Sunday Storylines: The Bell Tolls

By Turner Walston | 0 Comment(s) | Posted

•After committing 15 penalties in each of their previous two games (both wins, incidentally), Carolina shaved that number down to two(!) in Saturday's loss at Duke. But both of those penalties, particularly the first, are illustrative of just how costly a single penalty can be. In the first quarter, Tar Heel linebacker Kevin Reddick was called for a personal foul on Duke quarterback Sean Renfree. Not only did that give the Blue Devils 15 yards, it gave them the ball back. The penalty negated a Darien Rankin interception and return deep in Duke territory. Carolina was leading 3-0 and would have had the chance to go up two scores in the first quarter. Even if Rankin doesn't intercept the ball, an incompletion would have made the next play 4th and 10 at the Duke 32. But the penalty gave Duke 15 yards and the first down, and propelled them to a touchdown-scoring drive.

Carolina's second penalty was a false start on the ensuing drive. Those five yards made it 3rd and 11 at the Carolina 24. 3rd and 6 vs. 3rd and 11. An incompletion on the next play ended the Tar Heel drive.

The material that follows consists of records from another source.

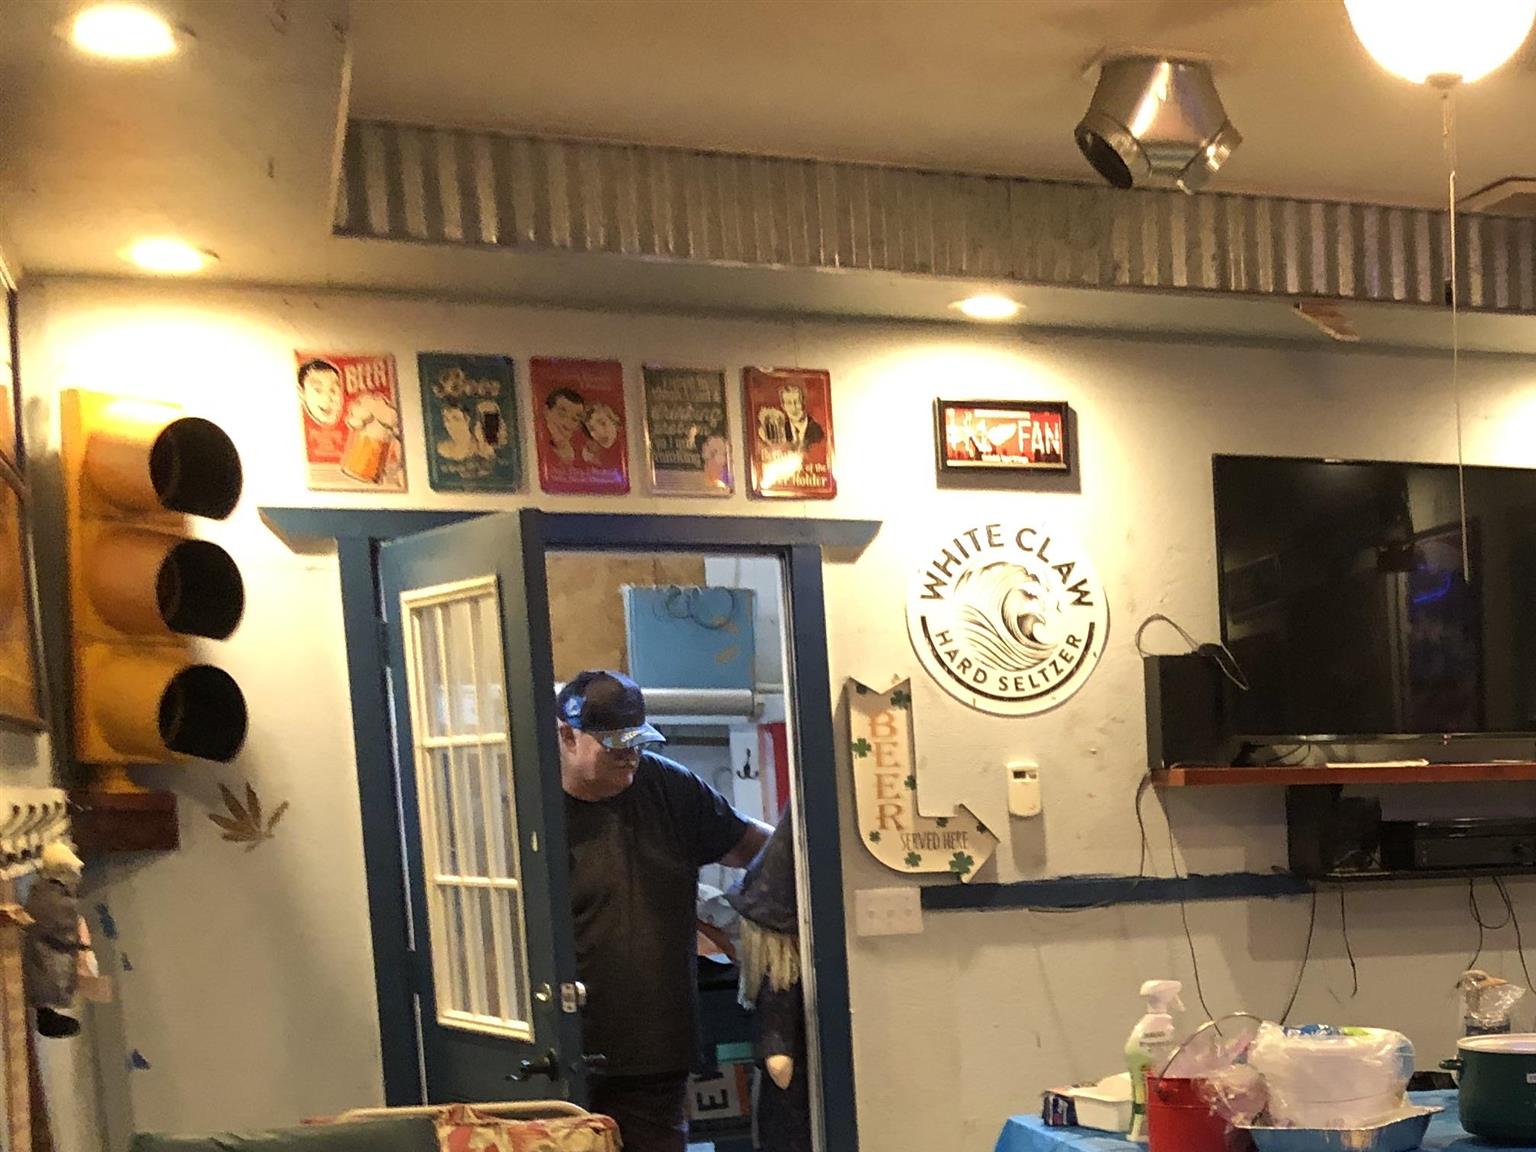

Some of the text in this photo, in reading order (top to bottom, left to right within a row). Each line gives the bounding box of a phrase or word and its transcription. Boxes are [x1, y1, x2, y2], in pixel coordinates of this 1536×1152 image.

[1018, 420, 1060, 455] FAN
[920, 524, 1094, 607] WHITE CLAW
[936, 630, 1082, 692] HARD SELTZER
[868, 710, 905, 831] BEER
[901, 831, 968, 851] SERVED HERE
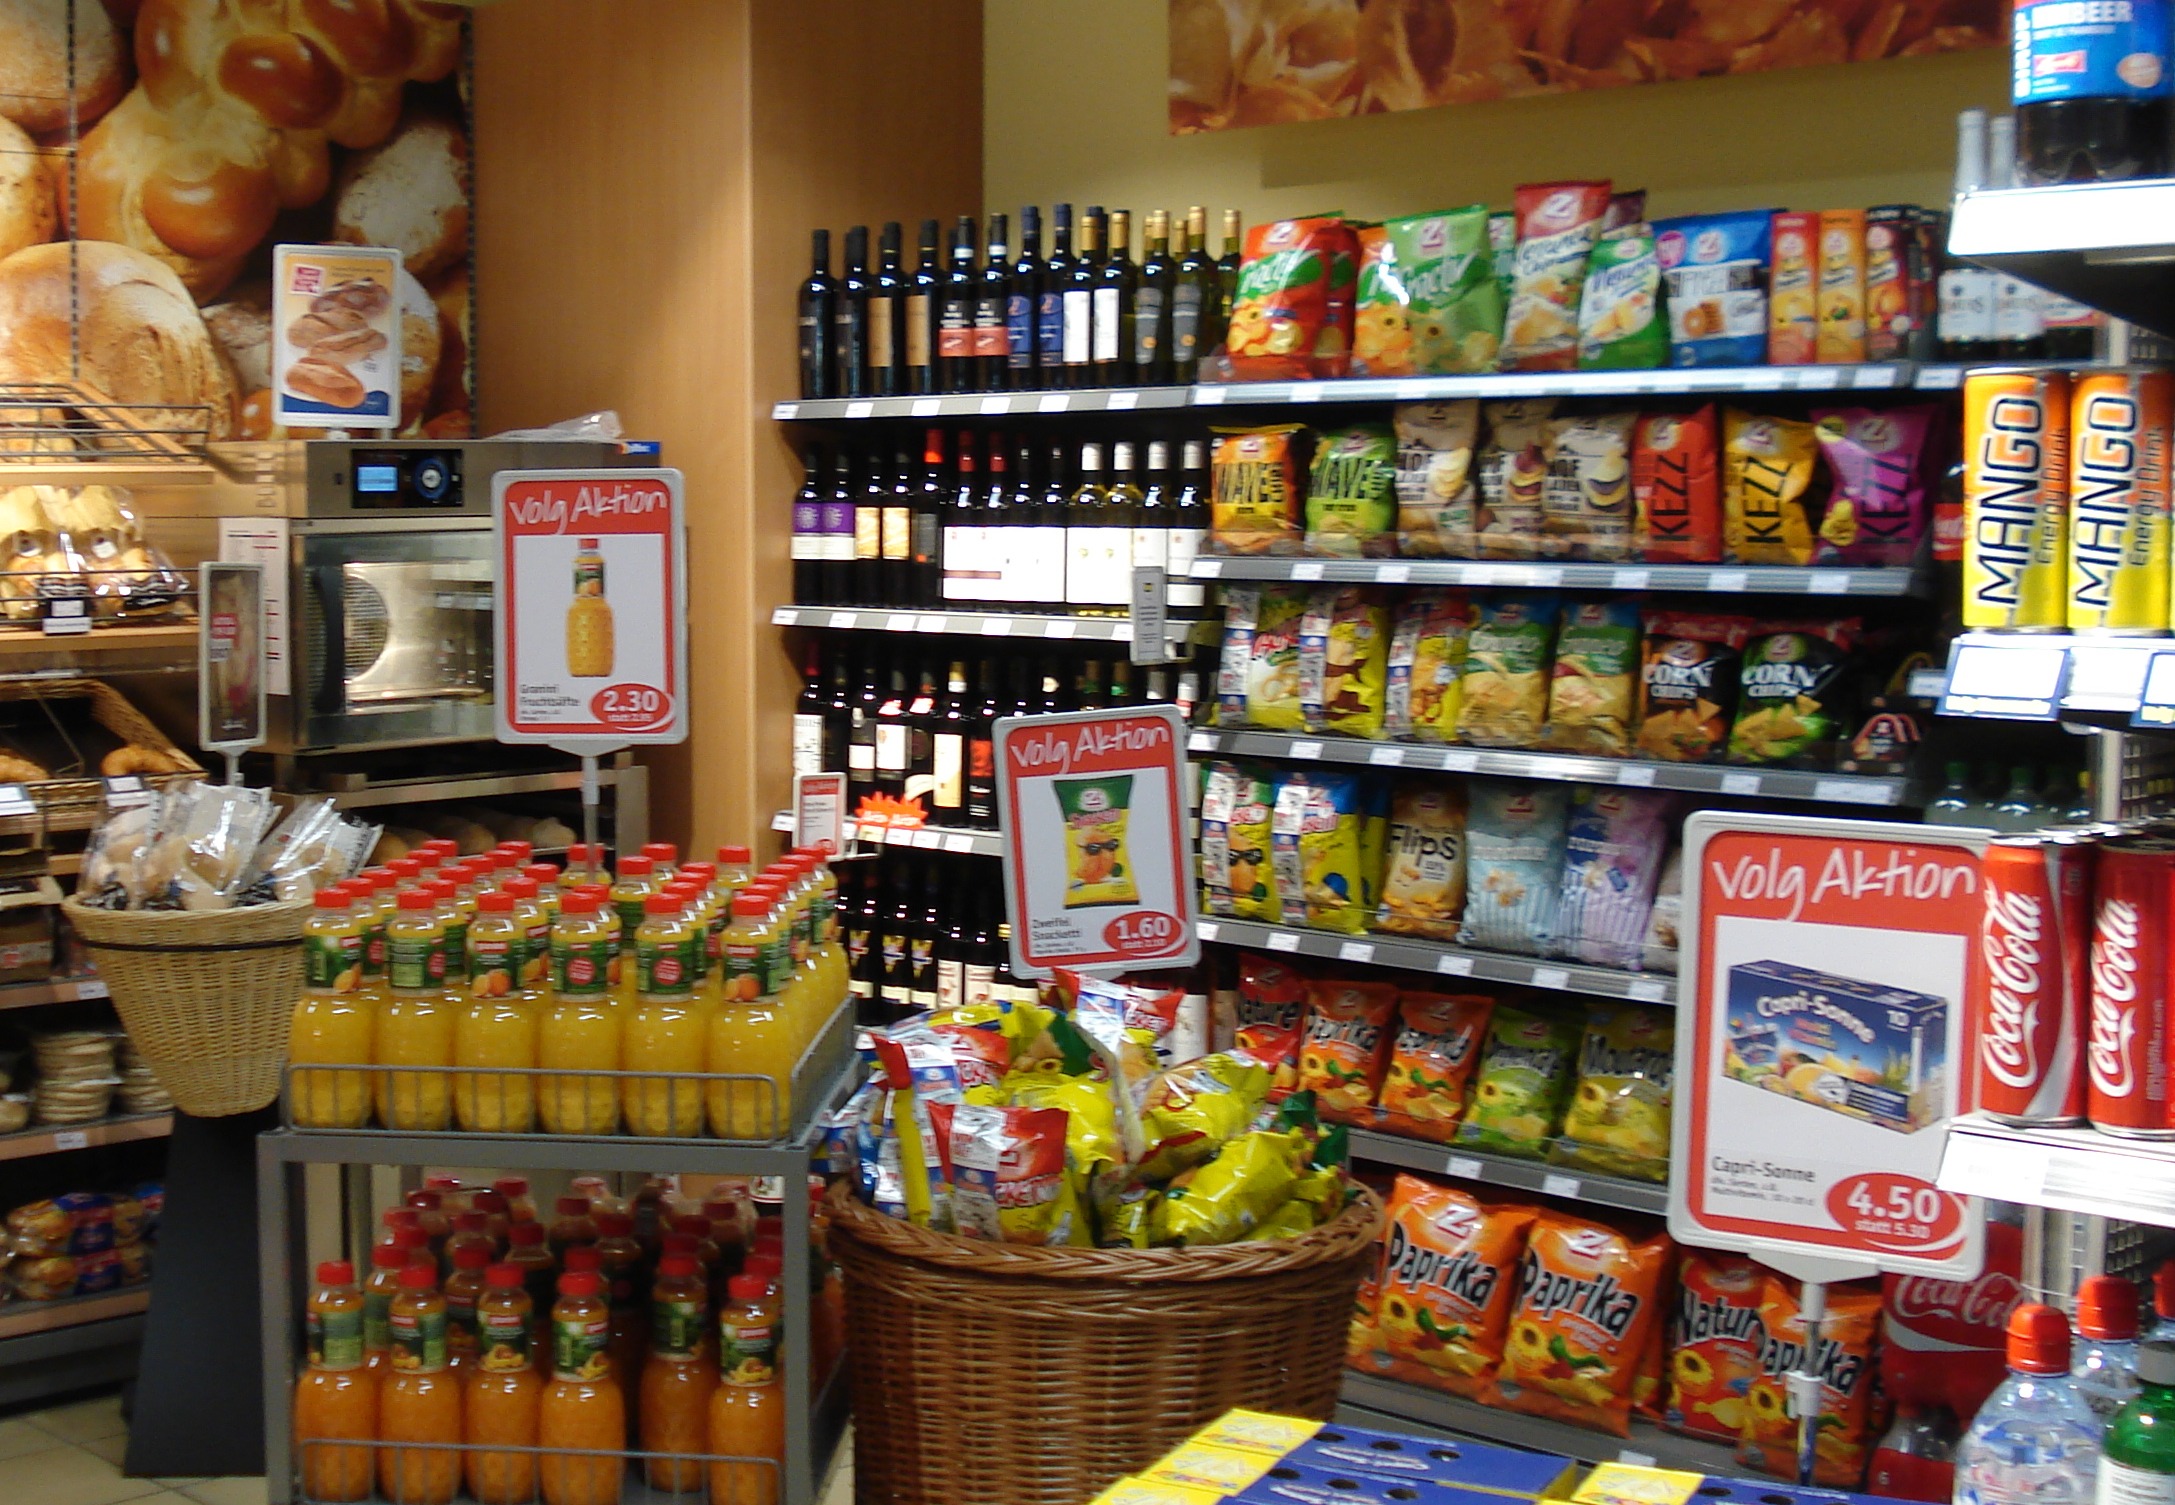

•Bryn Renner was simply not himself yesterday. The Tar Heel quarterback took a hard shot and had the wind knocked out of him on Carolina's first drive. Marquise Williams came in briefly, rushing for a yard and then tossing to Giovani Bernard for a 39-yard catch and run. Renner returned on the same drive and Carolina settled for a field goal after having 1st and goal at the Duke 8. Through three quarters, Renner was 10-19 passing but for just 36 yards. He was checking down to second and third reads and the Tar Heels did not threaten downfield. The quarterback got the Tar Heels back in the game with three touchdown drives in the fourth quarter, but some of that same magic would have done the team a lot of good in the first three periods. Renner's longest completion of the day was the 36-yard completion to Erik Highsmith, who then fumbled and saw the ball scooped up and run in for a score by Bernard.

•Duke runs the same 4-2-5 defensive scheme that the Tar Heels do, and the Blue Devil coaching staff knew exactly where the weaknesses lied. They had tremendous success running straight up the middle and finding holes through the air. By the run and the pass, Duke was consistently getting to the second and third levels of the Tar Heel defense (they ran the ball 53 times for 234 yards). Carolina's Tre Boston had 17 tackles - eight of them solo stops - on the day. Those are Dexter Reid and Trimane Goddard-type numbers. "It’s not good when it’s from the safety position, especially if you're not rolling him down into the box the whole time," Larry Fedora said. "That’s not a good thing. It’s a good thing we had him."